What Life is

| 29th January 2016
'I shall show you Life in a handful of jewels'. A cut gemstone of Blue Apatite. Photo: Captain Tenneal via Flickr (CC BY-NC-ND).
'I shall show you Life in a handful of jewels'. A cut gemstone of Blue Apatite. Photo: Captain Tenneal via Flickr (CC BY-NC-ND).
The origin of life has long been the deepest of mysteries, writes Chris Busby. But in fact, the spontaneous arising of life from molecules in Darwin's 'warm little pond' is the inevitable result of their selective energisation by quantized infra-red radiation. Now, some four billion years after life first developed, precisely the same processes continue to drive the operation of all living systems at a cellular level.
Here is the kiss of life. At the bottom of Darwin's pond I place a primordial mineral, apatite, a phosphate mineral of startling beauty, bluish green. It absorbs sunlight, gets hot, and emits infrared radiation at one specific frequency.

The Hitch-hikers Guide to the Galaxy related the story of a giant computer Deep Thought built to answer the question of Life, The Universe, and Everything.

Concerning the first of this triad I believe, after 45 years of my own deep thought, I have figured out the answer and put it in a new book. It is not 42. If I am correct this will drop a large rock into the pond of science.

From the time I began (aged about 11 in Africa) looking round and questioning the world and my place in it I have wanted answers to the big questions. Haven't you? Hasn't everyone?

Why do we die? How are we alive? What does it mean: alive? When we see the colours and movement, the delight and sparkle, the beauty, suddenness, danger and force of nature, the extraordinary variety and impact of all the life that surrounds us, we stand amazed, breathless and silent.

What is life? How could this astonishing kaleidoscope of energy, and directed order have started from a jumble of cold dead molecules in a hostile, enigmatic and freezing Universe? How?

Look in the microscope and see Ms Amoeba about her unicellular, joyful and deadly business. Does she think? What does it mean: Think? What's going on there?

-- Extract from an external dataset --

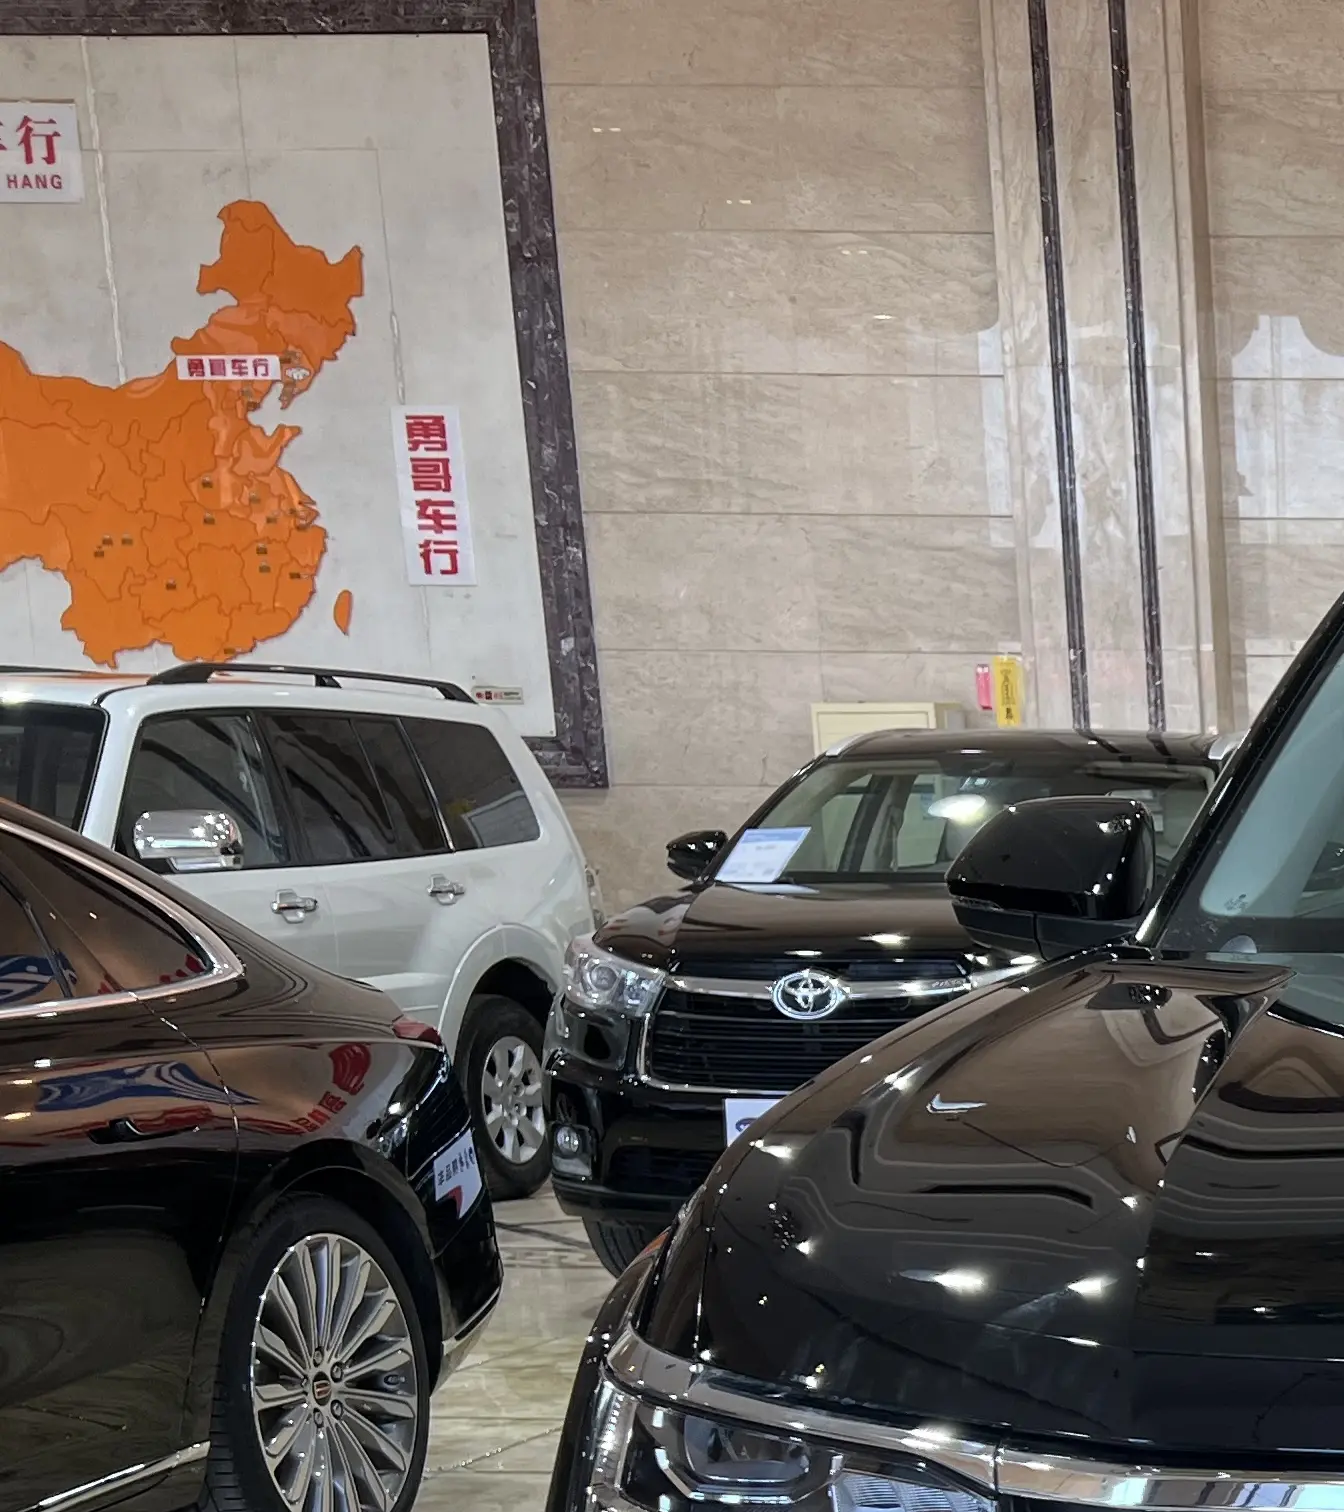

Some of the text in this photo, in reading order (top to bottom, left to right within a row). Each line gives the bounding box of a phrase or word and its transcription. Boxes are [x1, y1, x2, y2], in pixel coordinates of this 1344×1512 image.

[0, 114, 62, 165] 行
[6, 173, 63, 190] HANG
[405, 414, 459, 575] 勇哥车行

This question of life's origin has been perhaps the most asked in the history of thought.

It is almost a religious question: indeed the failure of Science to answer it is still the feste berg of the Creationists. I propose to provide the solution to the enigma.

The cold dead universe

Erwin Schrödinger, the author of the wave mechanical version of quantum theory, for which he got the Nobel prize in Physics (and of cat fame), also thought about the problem. In his 1952 book (of the same title) he wrote:

"The structure of the vital parts of living organisms differ entirely from that of any piece of matter which physicists have ever handled."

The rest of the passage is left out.